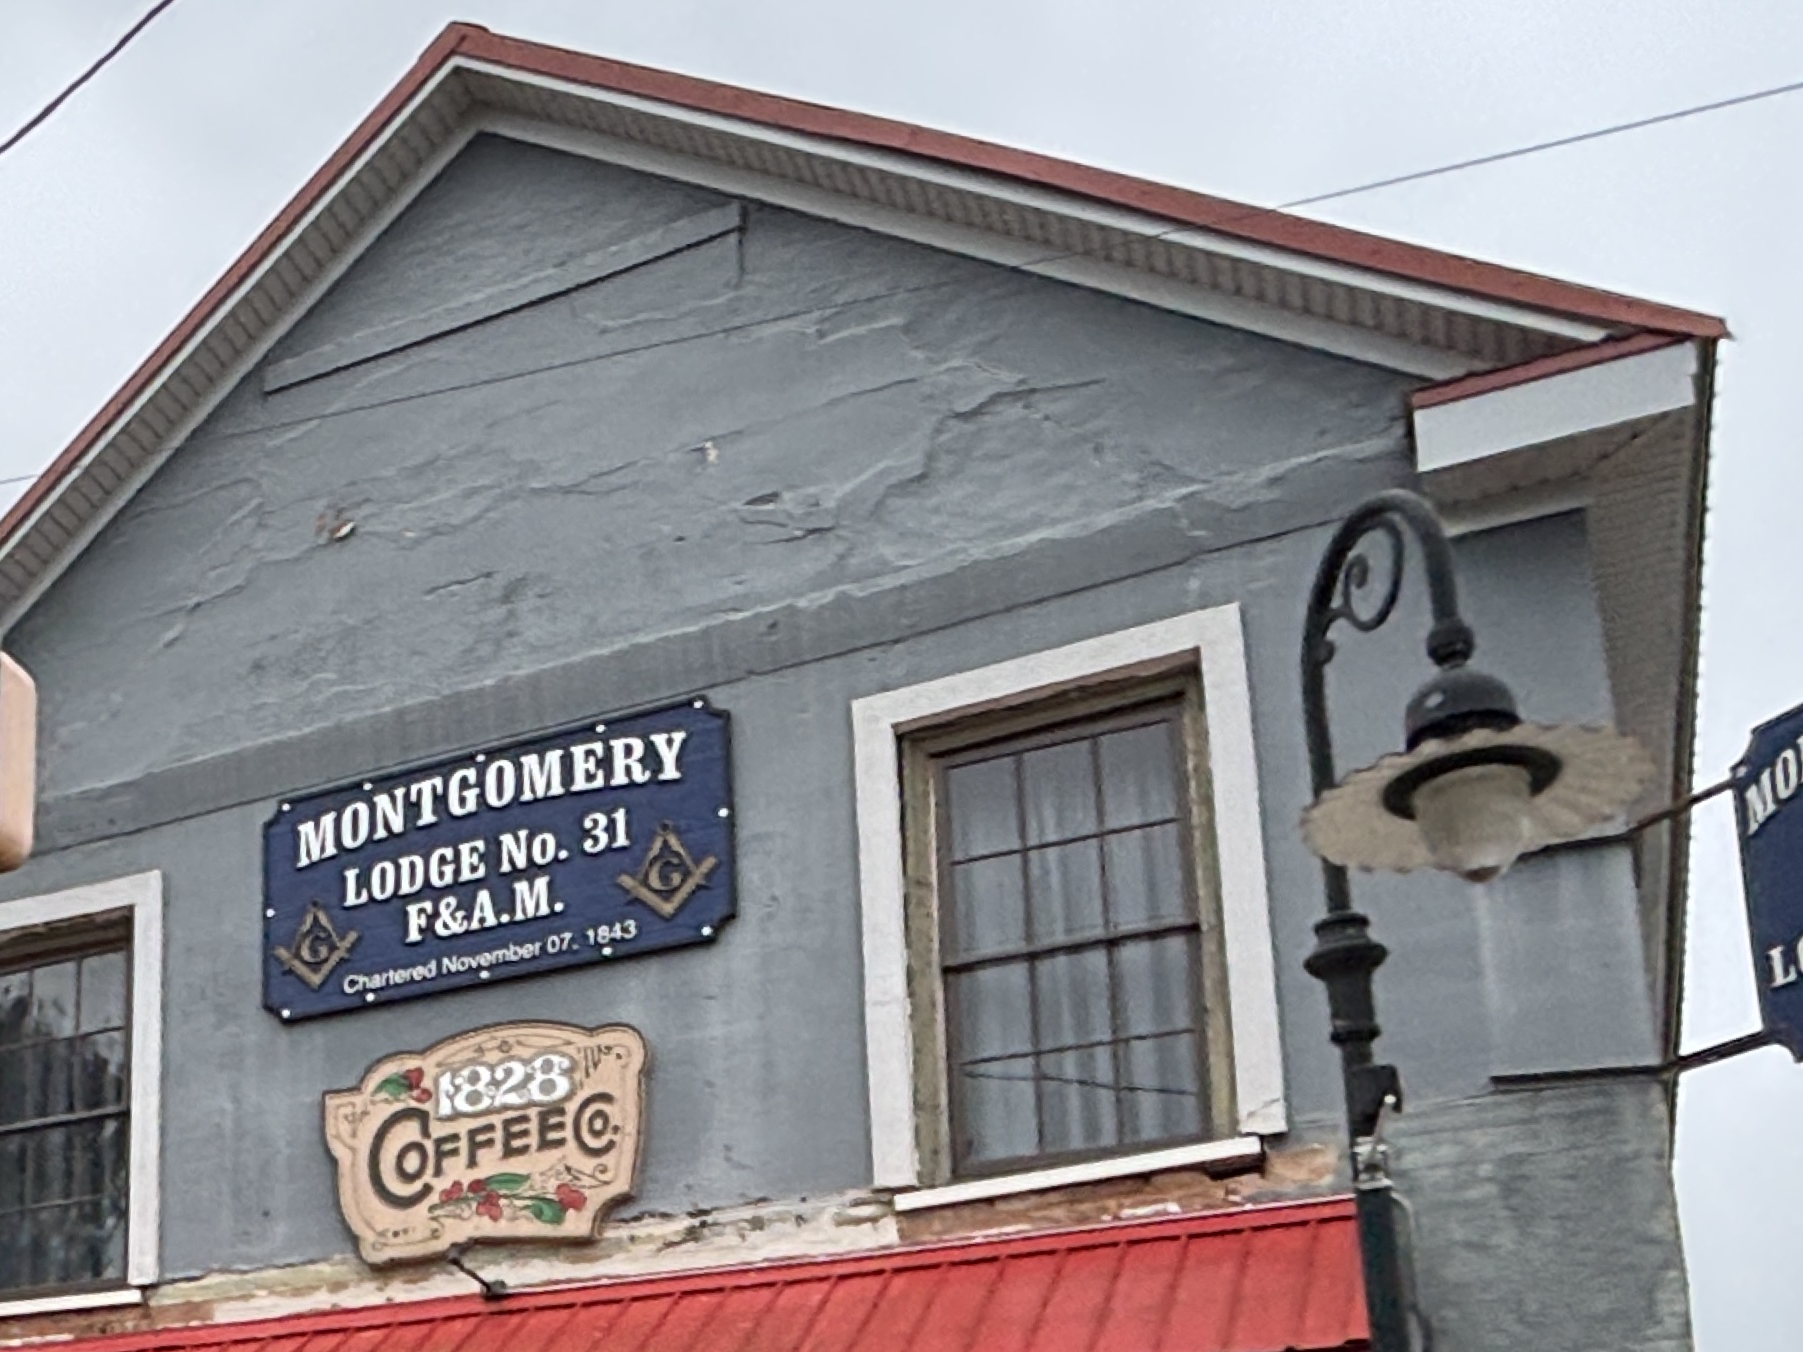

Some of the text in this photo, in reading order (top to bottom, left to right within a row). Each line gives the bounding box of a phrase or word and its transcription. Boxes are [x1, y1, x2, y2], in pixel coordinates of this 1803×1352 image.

[296, 730, 687, 870] MONTGOMERY
[342, 808, 632, 909] LODGE No. 31
[404, 875, 565, 945] F&A.M.
[343, 961, 438, 994] Chartered
[442, 940, 543, 976] November
[586, 919, 638, 946] 1843
[436, 1053, 572, 1117] 1828
[369, 1106, 568, 1209] COFFEE
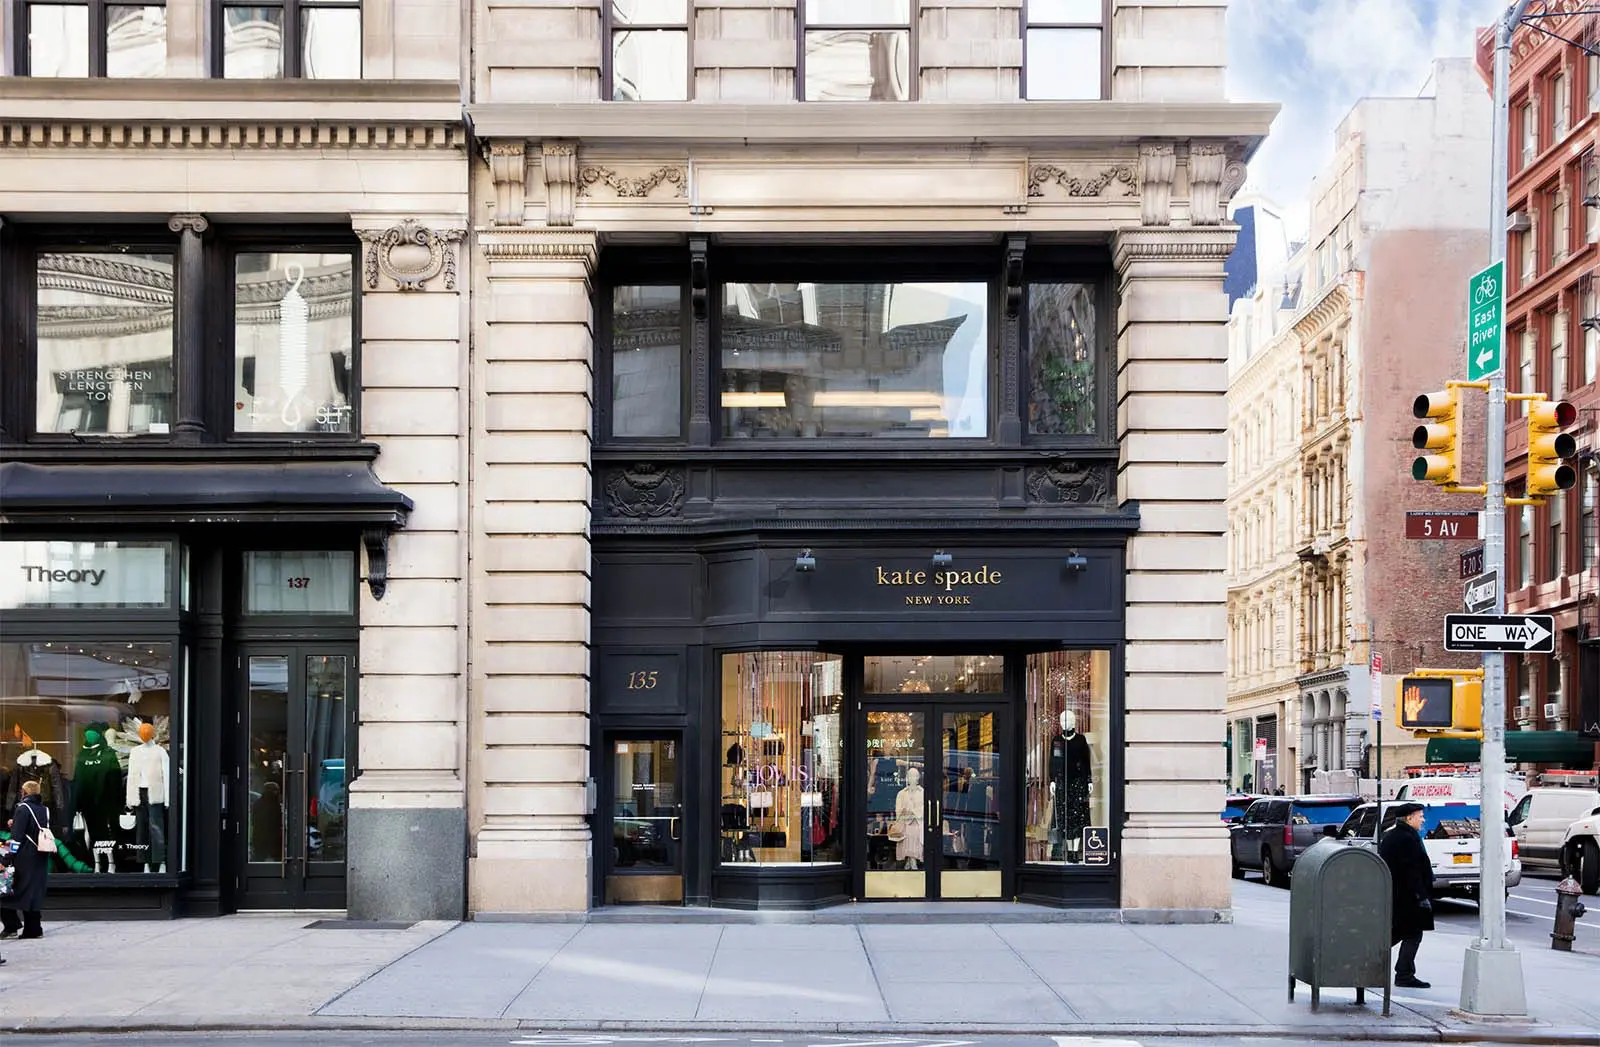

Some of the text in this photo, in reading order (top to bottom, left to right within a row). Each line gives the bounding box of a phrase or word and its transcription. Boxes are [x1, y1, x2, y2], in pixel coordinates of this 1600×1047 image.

[1474, 305, 1496, 328] East
[1472, 324, 1498, 347] River
[60, 371, 152, 380] STRENGHEN
[69, 381, 143, 391] LENGTEN
[1424, 519, 1459, 536] 5 Av
[20, 565, 106, 587] Theory
[1462, 560, 1467, 576] E
[287, 577, 311, 588] 137
[876, 565, 1002, 591] kate spade
[905, 596, 971, 605] NEW YORK
[1455, 626, 1538, 641] ONE WAY
[626, 671, 659, 689] 135
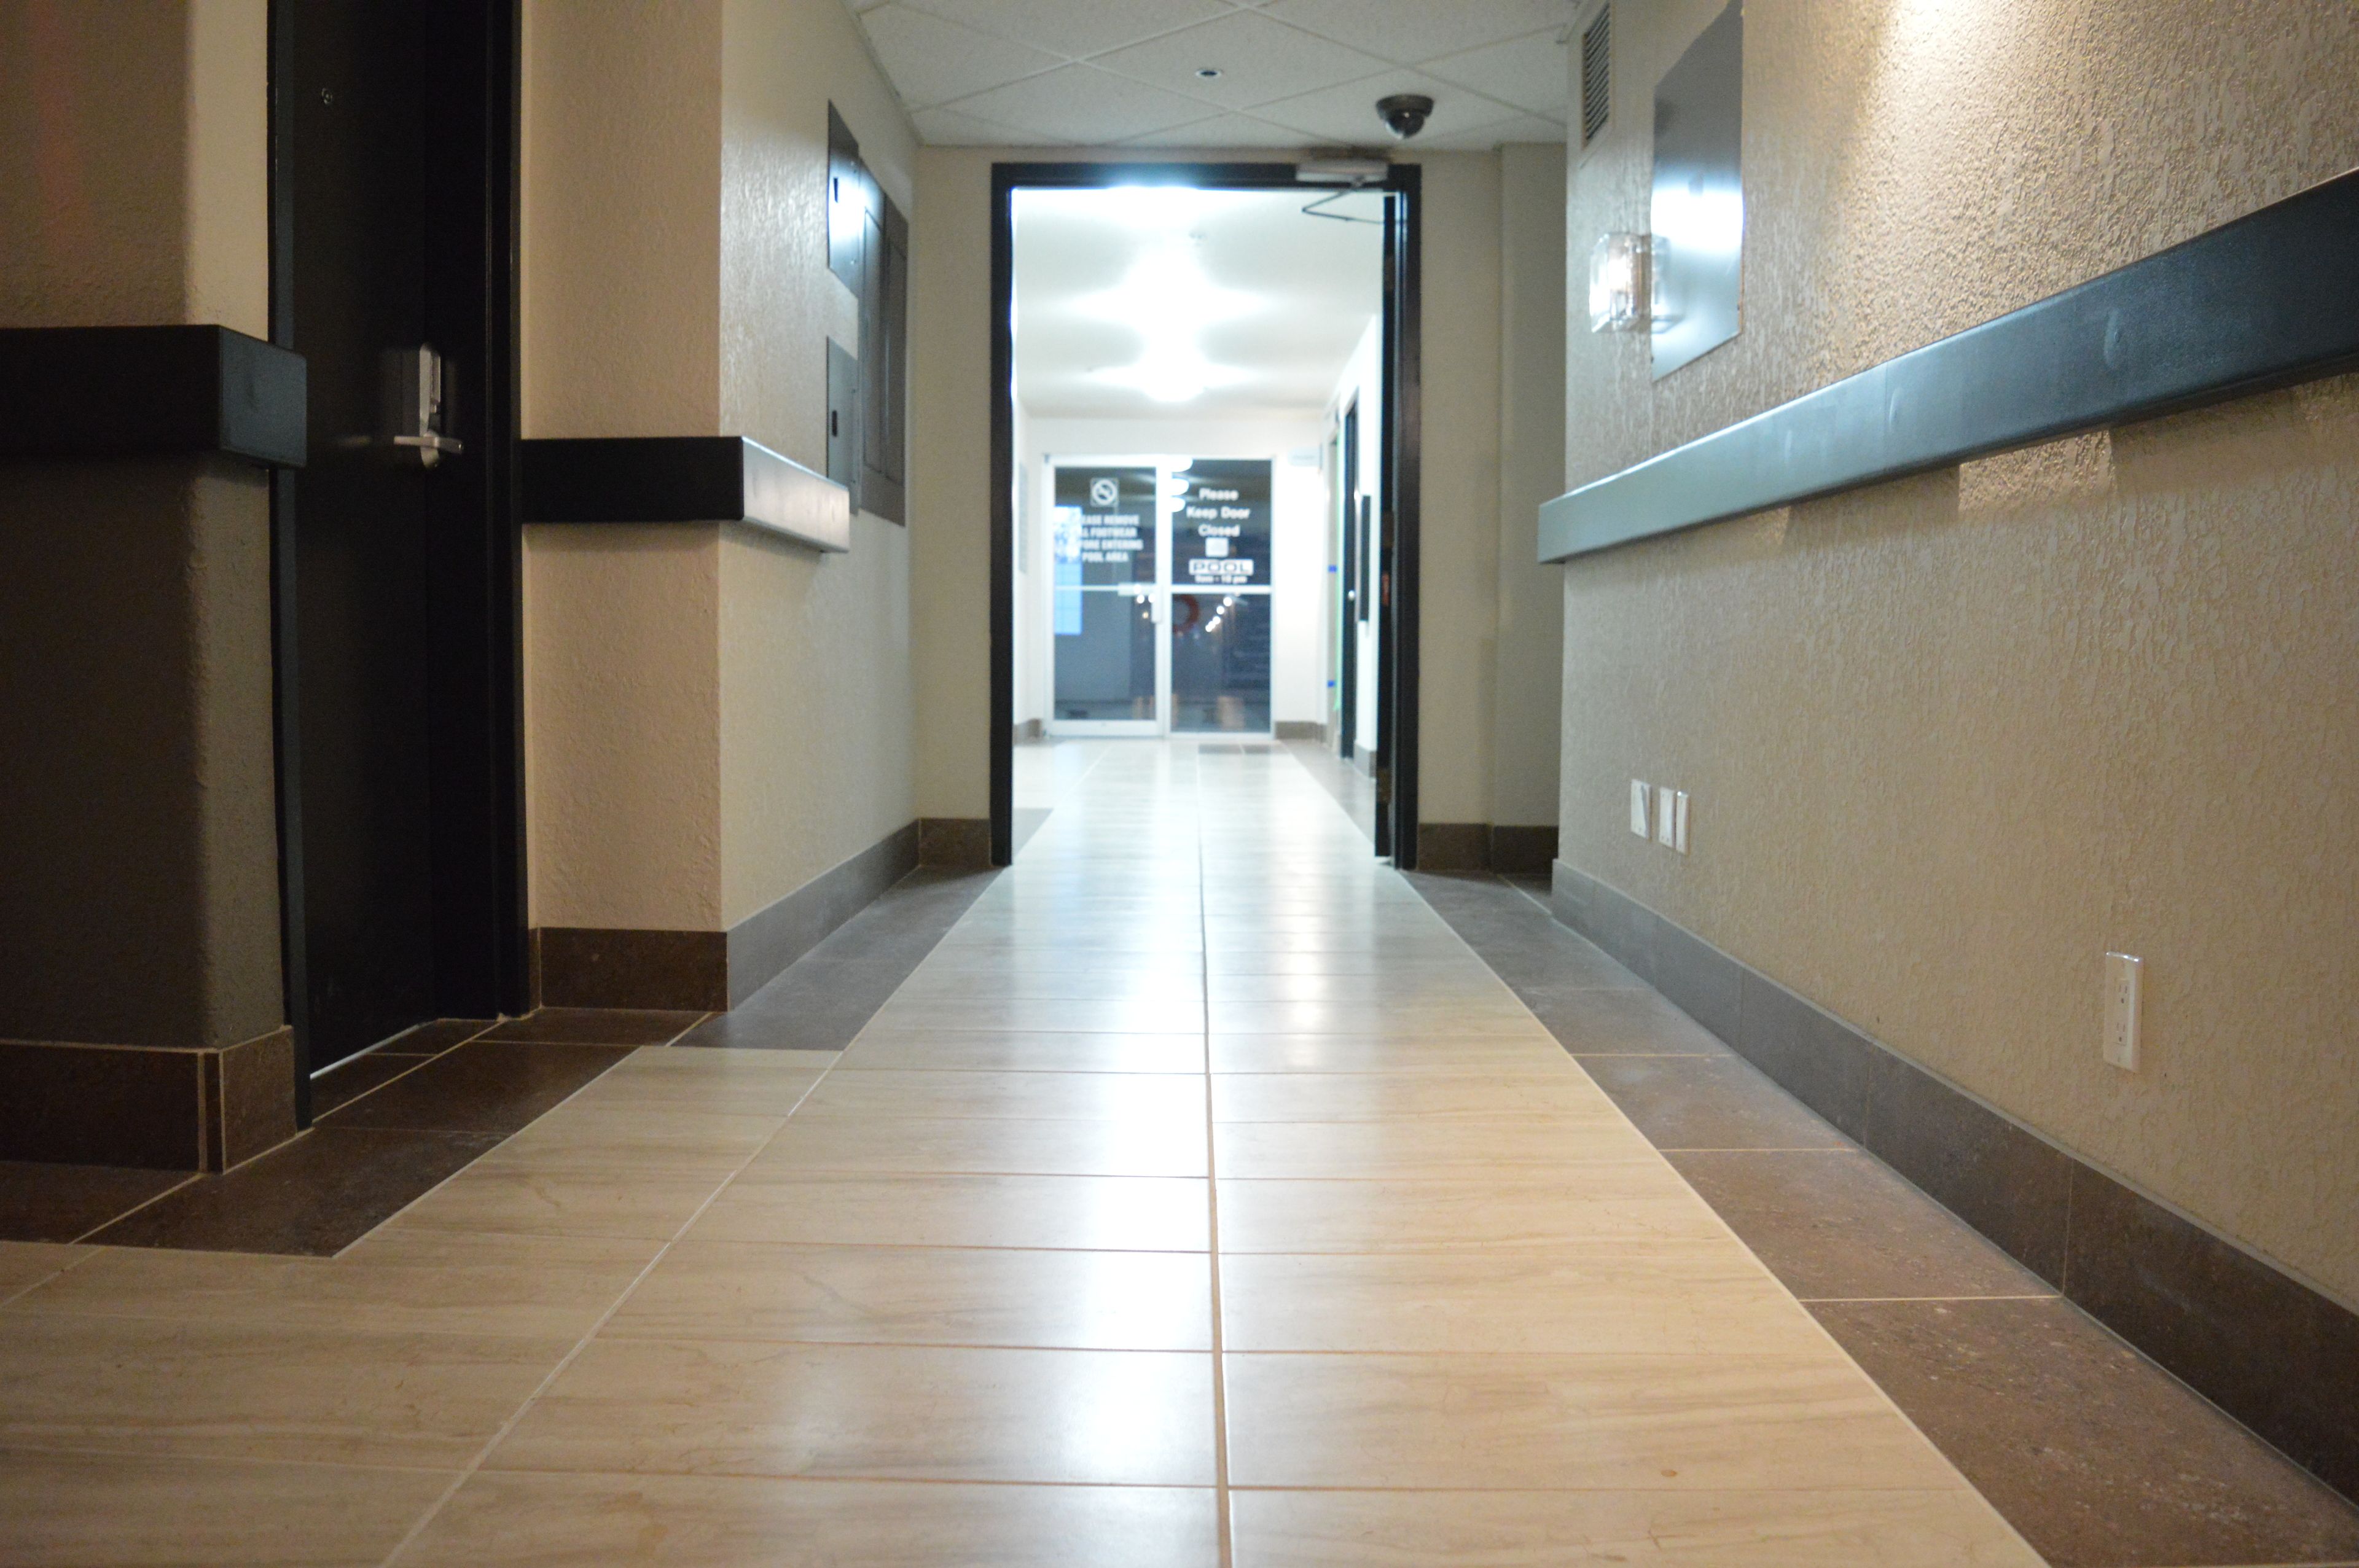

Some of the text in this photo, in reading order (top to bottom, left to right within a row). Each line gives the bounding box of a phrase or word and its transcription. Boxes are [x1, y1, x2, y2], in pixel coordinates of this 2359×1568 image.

[1199, 488, 1239, 501] Please
[1186, 506, 1251, 520] Keep Door
[1199, 525, 1240, 537] Closed
[1193, 561, 1250, 571] POOL

....

## WHAT IS BEING ASKED
Every line from the one containing "this 1600×1047 image." through the end of the listing is to be copied exactly; the pictures are not.

## ANSWER BOX
Some of the text in this photo, in reading order (top to bottom, left to right within a row). Each line gives the bounding box of a phrase or word and its transcription. Boxes are [x1, y1, x2, y2], in pixel coordinates of this 1600×1047 image.

[1474, 305, 1496, 328] East
[1472, 324, 1498, 347] River
[60, 371, 152, 380] STRENGHEN
[69, 381, 143, 391] LENGTEN
[1424, 519, 1459, 536] 5 Av
[20, 565, 106, 587] Theory
[1462, 560, 1467, 576] E
[287, 577, 311, 588] 137
[876, 565, 1002, 591] kate spade
[905, 596, 971, 605] NEW YORK
[1455, 626, 1538, 641] ONE WAY
[626, 671, 659, 689] 135

Some of the text in this photo, in reading order (top to bottom, left to right within a row). Each line gives the bounding box of a phrase or word and its transcription. Boxes are [x1, y1, x2, y2], in pixel coordinates of this 2359×1568 image.

[1199, 488, 1239, 501] Please
[1186, 506, 1251, 520] Keep Door
[1199, 525, 1240, 537] Closed
[1193, 561, 1250, 571] POOL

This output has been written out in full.